(Dataset records)
= = = = = = =

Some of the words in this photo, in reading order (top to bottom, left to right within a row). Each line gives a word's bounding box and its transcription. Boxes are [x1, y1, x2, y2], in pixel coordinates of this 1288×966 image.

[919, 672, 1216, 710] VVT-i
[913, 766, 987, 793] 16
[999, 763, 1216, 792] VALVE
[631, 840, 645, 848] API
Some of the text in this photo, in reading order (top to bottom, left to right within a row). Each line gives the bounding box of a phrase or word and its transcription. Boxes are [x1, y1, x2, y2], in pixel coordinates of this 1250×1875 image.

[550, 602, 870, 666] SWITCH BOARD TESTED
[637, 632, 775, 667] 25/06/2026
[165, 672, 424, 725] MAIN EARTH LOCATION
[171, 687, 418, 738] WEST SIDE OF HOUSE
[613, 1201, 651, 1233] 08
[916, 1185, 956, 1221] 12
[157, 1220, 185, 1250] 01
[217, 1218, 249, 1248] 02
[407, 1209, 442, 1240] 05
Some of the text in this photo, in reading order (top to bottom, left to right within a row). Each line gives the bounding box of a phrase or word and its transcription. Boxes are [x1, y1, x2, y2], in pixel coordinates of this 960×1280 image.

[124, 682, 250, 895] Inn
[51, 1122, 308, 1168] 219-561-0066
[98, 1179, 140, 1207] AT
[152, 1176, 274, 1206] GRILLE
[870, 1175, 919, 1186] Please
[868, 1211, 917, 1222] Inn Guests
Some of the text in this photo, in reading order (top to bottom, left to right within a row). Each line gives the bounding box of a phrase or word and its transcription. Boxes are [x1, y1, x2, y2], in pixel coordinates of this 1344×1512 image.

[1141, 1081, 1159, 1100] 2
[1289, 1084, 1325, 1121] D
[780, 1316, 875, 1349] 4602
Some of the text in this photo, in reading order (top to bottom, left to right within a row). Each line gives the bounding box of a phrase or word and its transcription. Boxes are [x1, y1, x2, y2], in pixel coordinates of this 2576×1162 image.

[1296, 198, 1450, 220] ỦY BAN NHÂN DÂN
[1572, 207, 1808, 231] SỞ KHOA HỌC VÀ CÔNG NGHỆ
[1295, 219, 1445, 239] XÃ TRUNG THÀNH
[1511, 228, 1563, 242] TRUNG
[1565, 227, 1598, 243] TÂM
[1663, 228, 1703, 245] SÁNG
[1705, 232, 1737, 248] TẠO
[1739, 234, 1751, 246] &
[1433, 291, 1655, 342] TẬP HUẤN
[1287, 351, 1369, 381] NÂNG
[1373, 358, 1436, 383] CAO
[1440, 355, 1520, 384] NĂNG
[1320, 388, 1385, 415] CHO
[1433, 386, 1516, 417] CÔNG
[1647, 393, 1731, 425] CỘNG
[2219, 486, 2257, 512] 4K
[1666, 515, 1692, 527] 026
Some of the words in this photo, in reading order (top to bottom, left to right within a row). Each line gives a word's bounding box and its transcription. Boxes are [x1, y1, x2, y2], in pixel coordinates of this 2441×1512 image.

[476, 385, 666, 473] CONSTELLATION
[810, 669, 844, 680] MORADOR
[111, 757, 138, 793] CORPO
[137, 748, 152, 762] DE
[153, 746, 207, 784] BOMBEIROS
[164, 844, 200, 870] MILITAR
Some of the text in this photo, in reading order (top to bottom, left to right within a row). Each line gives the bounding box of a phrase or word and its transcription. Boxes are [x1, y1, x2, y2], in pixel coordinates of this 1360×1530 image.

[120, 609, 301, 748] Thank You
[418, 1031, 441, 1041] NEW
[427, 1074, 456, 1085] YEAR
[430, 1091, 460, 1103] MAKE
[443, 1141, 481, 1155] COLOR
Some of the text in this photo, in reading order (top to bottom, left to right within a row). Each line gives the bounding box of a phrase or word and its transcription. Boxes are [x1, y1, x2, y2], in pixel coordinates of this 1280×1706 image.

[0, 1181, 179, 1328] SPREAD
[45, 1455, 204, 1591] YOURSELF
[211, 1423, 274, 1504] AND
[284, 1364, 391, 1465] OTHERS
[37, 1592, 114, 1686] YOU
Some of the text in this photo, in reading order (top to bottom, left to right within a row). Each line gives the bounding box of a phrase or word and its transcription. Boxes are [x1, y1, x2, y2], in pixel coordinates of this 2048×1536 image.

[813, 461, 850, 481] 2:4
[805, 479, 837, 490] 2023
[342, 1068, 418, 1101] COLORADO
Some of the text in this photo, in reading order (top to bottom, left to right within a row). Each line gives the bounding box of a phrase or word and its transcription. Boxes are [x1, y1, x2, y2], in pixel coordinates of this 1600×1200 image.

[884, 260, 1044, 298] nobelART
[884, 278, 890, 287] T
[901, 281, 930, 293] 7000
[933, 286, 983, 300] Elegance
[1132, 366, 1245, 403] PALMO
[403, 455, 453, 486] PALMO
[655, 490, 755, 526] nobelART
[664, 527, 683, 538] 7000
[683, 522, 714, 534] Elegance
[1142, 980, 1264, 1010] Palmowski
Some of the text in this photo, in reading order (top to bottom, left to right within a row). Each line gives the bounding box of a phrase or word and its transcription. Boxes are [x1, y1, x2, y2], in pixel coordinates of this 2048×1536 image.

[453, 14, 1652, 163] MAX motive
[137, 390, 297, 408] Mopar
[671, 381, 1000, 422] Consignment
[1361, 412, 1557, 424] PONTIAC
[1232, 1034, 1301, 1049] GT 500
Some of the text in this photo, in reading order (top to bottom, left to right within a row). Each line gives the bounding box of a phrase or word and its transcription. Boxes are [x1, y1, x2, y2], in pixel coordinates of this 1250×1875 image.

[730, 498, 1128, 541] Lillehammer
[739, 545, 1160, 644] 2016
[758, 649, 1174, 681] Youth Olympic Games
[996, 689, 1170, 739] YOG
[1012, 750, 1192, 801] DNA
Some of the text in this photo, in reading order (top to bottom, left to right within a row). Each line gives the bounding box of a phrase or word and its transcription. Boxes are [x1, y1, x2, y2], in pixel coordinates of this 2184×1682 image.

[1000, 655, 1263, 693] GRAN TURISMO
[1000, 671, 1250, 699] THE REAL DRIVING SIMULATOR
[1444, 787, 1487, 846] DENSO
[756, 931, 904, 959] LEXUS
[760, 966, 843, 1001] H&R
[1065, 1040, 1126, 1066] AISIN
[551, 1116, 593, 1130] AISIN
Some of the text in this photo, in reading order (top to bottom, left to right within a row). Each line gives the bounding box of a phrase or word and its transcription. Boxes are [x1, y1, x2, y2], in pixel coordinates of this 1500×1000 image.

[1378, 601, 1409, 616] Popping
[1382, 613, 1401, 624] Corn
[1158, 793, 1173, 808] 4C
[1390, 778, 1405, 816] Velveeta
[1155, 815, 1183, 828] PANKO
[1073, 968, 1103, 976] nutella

= = = = = = =

Repeat the entries above verbatim.

Some of the words in this photo, in reading order (top to bottom, left to right within a row). Each line gives a word's bounding box and its transcription. Boxes are [x1, y1, x2, y2], in pixel coordinates of this 1288×966 image.

[919, 672, 1216, 710] VVT-i
[913, 766, 987, 793] 16
[999, 763, 1216, 792] VALVE
[631, 840, 645, 848] API
Some of the text in this photo, in reading order (top to bottom, left to right within a row). Each line gives the bounding box of a phrase or word and its transcription. Boxes are [x1, y1, x2, y2], in pixel coordinates of this 1250×1875 image.

[550, 602, 870, 666] SWITCH BOARD TESTED
[637, 632, 775, 667] 25/06/2026
[165, 672, 424, 725] MAIN EARTH LOCATION
[171, 687, 418, 738] WEST SIDE OF HOUSE
[613, 1201, 651, 1233] 08
[916, 1185, 956, 1221] 12
[157, 1220, 185, 1250] 01
[217, 1218, 249, 1248] 02
[407, 1209, 442, 1240] 05
Some of the text in this photo, in reading order (top to bottom, left to right within a row). Each line gives the bounding box of a phrase or word and its transcription. Boxes are [x1, y1, x2, y2], in pixel coordinates of this 960×1280 image.

[124, 682, 250, 895] Inn
[51, 1122, 308, 1168] 219-561-0066
[98, 1179, 140, 1207] AT
[152, 1176, 274, 1206] GRILLE
[870, 1175, 919, 1186] Please
[868, 1211, 917, 1222] Inn Guests
Some of the text in this photo, in reading order (top to bottom, left to right within a row). Each line gives the bounding box of a phrase or word and its transcription. Boxes are [x1, y1, x2, y2], in pixel coordinates of this 1344×1512 image.

[1141, 1081, 1159, 1100] 2
[1289, 1084, 1325, 1121] D
[780, 1316, 875, 1349] 4602
Some of the text in this photo, in reading order (top to bottom, left to right within a row). Each line gives the bounding box of a phrase or word and its transcription. Boxes are [x1, y1, x2, y2], in pixel coordinates of this 2576×1162 image.

[1296, 198, 1450, 220] ỦY BAN NHÂN DÂN
[1572, 207, 1808, 231] SỞ KHOA HỌC VÀ CÔNG NGHỆ
[1295, 219, 1445, 239] XÃ TRUNG THÀNH
[1511, 228, 1563, 242] TRUNG
[1565, 227, 1598, 243] TÂM
[1663, 228, 1703, 245] SÁNG
[1705, 232, 1737, 248] TẠO
[1739, 234, 1751, 246] &
[1433, 291, 1655, 342] TẬP HUẤN
[1287, 351, 1369, 381] NÂNG
[1373, 358, 1436, 383] CAO
[1440, 355, 1520, 384] NĂNG
[1320, 388, 1385, 415] CHO
[1433, 386, 1516, 417] CÔNG
[1647, 393, 1731, 425] CỘNG
[2219, 486, 2257, 512] 4K
[1666, 515, 1692, 527] 026
Some of the words in this photo, in reading order (top to bottom, left to right within a row). Each line gives a word's bounding box and its transcription. Boxes are [x1, y1, x2, y2], in pixel coordinates of this 2441×1512 image.

[476, 385, 666, 473] CONSTELLATION
[810, 669, 844, 680] MORADOR
[111, 757, 138, 793] CORPO
[137, 748, 152, 762] DE
[153, 746, 207, 784] BOMBEIROS
[164, 844, 200, 870] MILITAR
Some of the text in this photo, in reading order (top to bottom, left to right within a row). Each line gives the bounding box of a phrase or word and its transcription. Boxes are [x1, y1, x2, y2], in pixel coordinates of this 1360×1530 image.

[120, 609, 301, 748] Thank You
[418, 1031, 441, 1041] NEW
[427, 1074, 456, 1085] YEAR
[430, 1091, 460, 1103] MAKE
[443, 1141, 481, 1155] COLOR
Some of the text in this photo, in reading order (top to bottom, left to right within a row). Each line gives the bounding box of a phrase or word and its transcription. Boxes are [x1, y1, x2, y2], in pixel coordinates of this 1280×1706 image.

[0, 1181, 179, 1328] SPREAD
[45, 1455, 204, 1591] YOURSELF
[211, 1423, 274, 1504] AND
[284, 1364, 391, 1465] OTHERS
[37, 1592, 114, 1686] YOU
Some of the text in this photo, in reading order (top to bottom, left to right within a row). Each line gives the bounding box of a phrase or word and its transcription. Boxes are [x1, y1, x2, y2], in pixel coordinates of this 2048×1536 image.

[813, 461, 850, 481] 2:4
[805, 479, 837, 490] 2023
[342, 1068, 418, 1101] COLORADO
Some of the text in this photo, in reading order (top to bottom, left to right within a row). Each line gives the bounding box of a phrase or word and its transcription. Boxes are [x1, y1, x2, y2], in pixel coordinates of this 1600×1200 image.

[884, 260, 1044, 298] nobelART
[884, 278, 890, 287] T
[901, 281, 930, 293] 7000
[933, 286, 983, 300] Elegance
[1132, 366, 1245, 403] PALMO
[403, 455, 453, 486] PALMO
[655, 490, 755, 526] nobelART
[664, 527, 683, 538] 7000
[683, 522, 714, 534] Elegance
[1142, 980, 1264, 1010] Palmowski
Some of the text in this photo, in reading order (top to bottom, left to right within a row). Each line gives the bounding box of a phrase or word and its transcription. Boxes are [x1, y1, x2, y2], in pixel coordinates of this 2048×1536 image.

[453, 14, 1652, 163] MAX motive
[137, 390, 297, 408] Mopar
[671, 381, 1000, 422] Consignment
[1361, 412, 1557, 424] PONTIAC
[1232, 1034, 1301, 1049] GT 500
Some of the text in this photo, in reading order (top to bottom, left to right within a row). Each line gives the bounding box of a phrase or word and its transcription. Boxes are [x1, y1, x2, y2], in pixel coordinates of this 1250×1875 image.

[730, 498, 1128, 541] Lillehammer
[739, 545, 1160, 644] 2016
[758, 649, 1174, 681] Youth Olympic Games
[996, 689, 1170, 739] YOG
[1012, 750, 1192, 801] DNA
Some of the text in this photo, in reading order (top to bottom, left to right within a row). Each line gives the bounding box of a phrase or word and its transcription. Boxes are [x1, y1, x2, y2], in pixel coordinates of this 2184×1682 image.

[1000, 655, 1263, 693] GRAN TURISMO
[1000, 671, 1250, 699] THE REAL DRIVING SIMULATOR
[1444, 787, 1487, 846] DENSO
[756, 931, 904, 959] LEXUS
[760, 966, 843, 1001] H&R
[1065, 1040, 1126, 1066] AISIN
[551, 1116, 593, 1130] AISIN
Some of the text in this photo, in reading order (top to bottom, left to right within a row). Each line gives the bounding box of a phrase or word and its transcription. Boxes are [x1, y1, x2, y2], in pixel coordinates of this 1500×1000 image.

[1378, 601, 1409, 616] Popping
[1382, 613, 1401, 624] Corn
[1158, 793, 1173, 808] 4C
[1390, 778, 1405, 816] Velveeta
[1155, 815, 1183, 828] PANKO
[1073, 968, 1103, 976] nutella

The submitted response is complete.